Publié le par Parluisaud

9782070786497.jpg           La célébration de centenaire apporte toujours son lot de bonnes surprises. Pour le centenaire de la naissance de Jean Genet en 2010 les admirateurs de cet auteur ont été servis : conférences, mise en musique par Etienne Daho et Jeanne Moreau, ouvrages en tous genres. Parmi ces derniers, l'édition de lettres inédites : les Lettres à Ibis. Jean Genet est alors tout jeune, n'a encore rien publié (Le Condamné à mort date de 1942, alors que la première lettre date de 1932) et est engagé dans l'armée. Ibis est Andrée Plainemaison, jeune femme de son âge rencontrée dans le cadre de la revue Jeunes dont elle fait partie.

         Si l'échange épistolaire (du moins ce qu'il en reste, car il n'y a pas les lettres d'Ibis à genet) révèle une amitié profonde et une connivence sincère, il est surtout intéressant pour ce qu'il montre du futur Genet écrivain. Le jeune homme a une conscience aiguë de son style et de ce qu'il veut en faire. Certaines phrases annoncent la syntaxe riche, complexe, alambiquée qui sera la sienne et, parallèlement, il explicite cette ambition. Il écrit ainsi cette parenthèse tout à fait réjouissante, pleine d'humour et d'auto-dérision :

"(Figurez-vous, 'Bis, que jamais je n'arriverai à écrire simplement. Oh ! la chose n'est pas drôle, sachez-le. Je pédantise. Enfin, comme j'espère que mes tours, tourloutoutou, mes tours styliques vous feront sourire, je me console d'en faire. Et puis, quoi, il faut bien à chacun sa marotte et son vice : certains ont l'opéra (avec un petit o) (comment écrivez-vous o ?), certains ont le surréalisme ; j'aurai la grandiophilie.)" (lettre 9).

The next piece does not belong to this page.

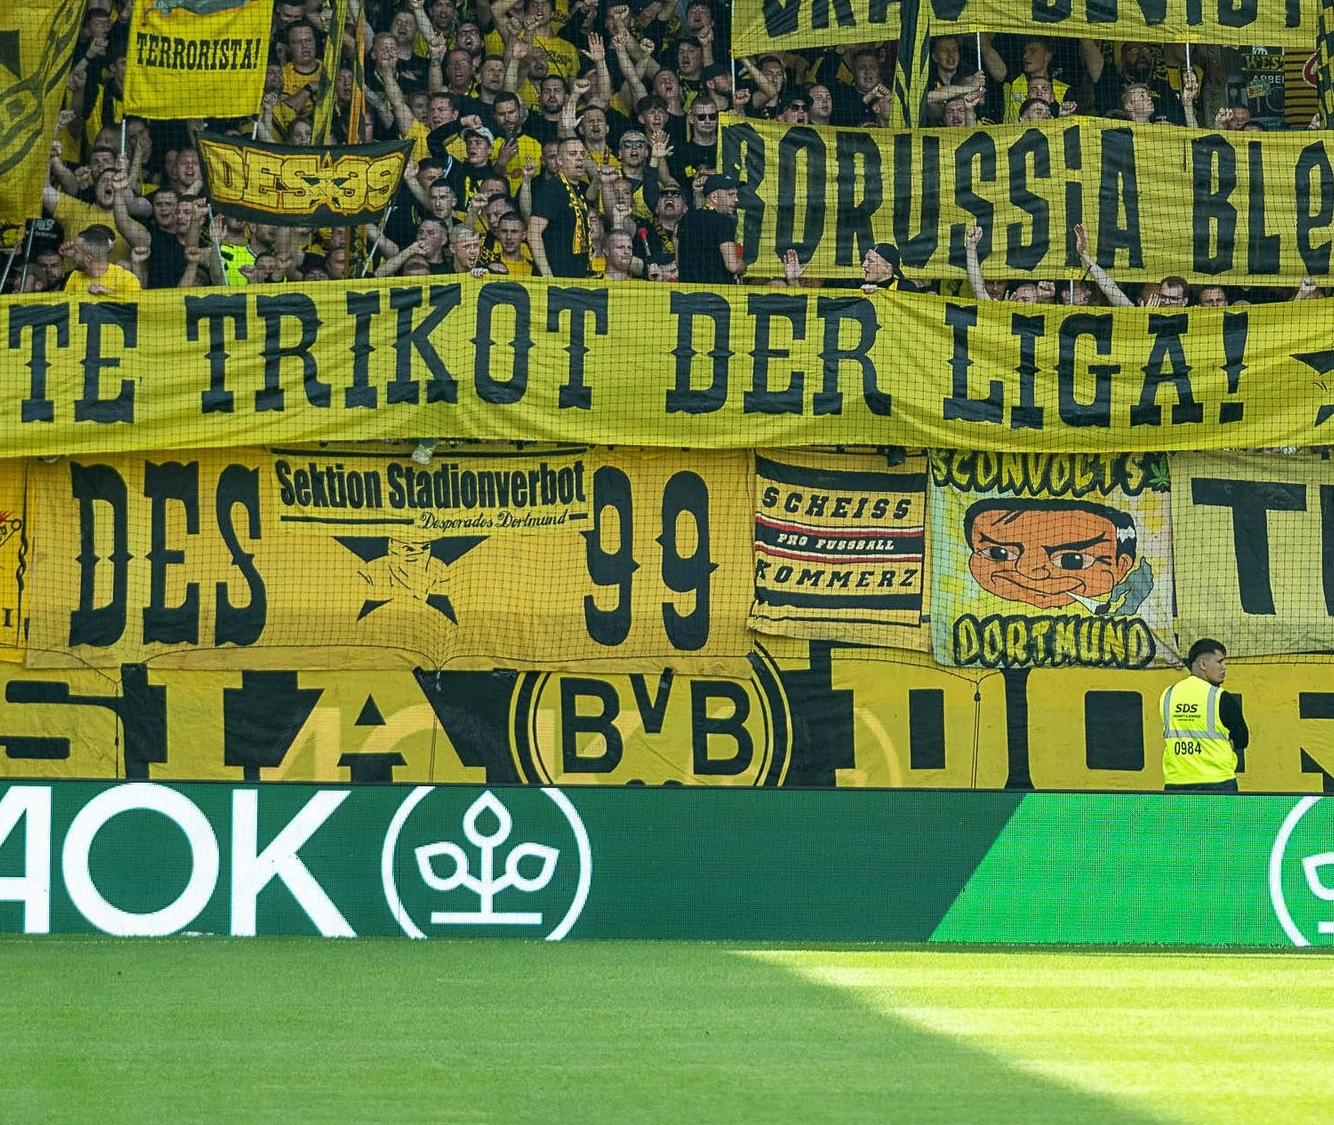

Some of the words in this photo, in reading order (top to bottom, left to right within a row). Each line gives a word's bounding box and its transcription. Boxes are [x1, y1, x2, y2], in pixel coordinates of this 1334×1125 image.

          Mais c'est lorsqu'il parle d'amour impossible et grandiose - thème récurrent et présent dès son premier roman Notre-Dame-des-fleurs - que son écriture prend forme. La lettre 7 esquisse ainsi son oeuvre à venir, maltraitant la langue pour la faire poésie, jouant de la tension entre amour et violence et où apparaît en creux le sacré :

"Ah ! si des aventures venaient m'intéresser. Mais non. Je marche au hasard avec lui. Il est toujours à mes côtés. Mais tuez-le. ais tuez-le. Qu'il ne m'obsède plus ainsi. Tout l'après-midi je l'ai tenu dans mes bras, j'ai baisé sa joue, mordu ses lèvres fines qui laissent passer à peine des dents plus fines, dans ses sourires. Oh ! je l'ai tant aimé, je l'adore. Sa voix, particulière et qui mue, me caresse. tout l'après-midi. Et le réveil, ce soir. Des étudiants partant en vacances chantent, et je pense à Lui qui sourit. maintenant, à l'heure que j'écris, Il est à la Coupole, avec une femme. [...]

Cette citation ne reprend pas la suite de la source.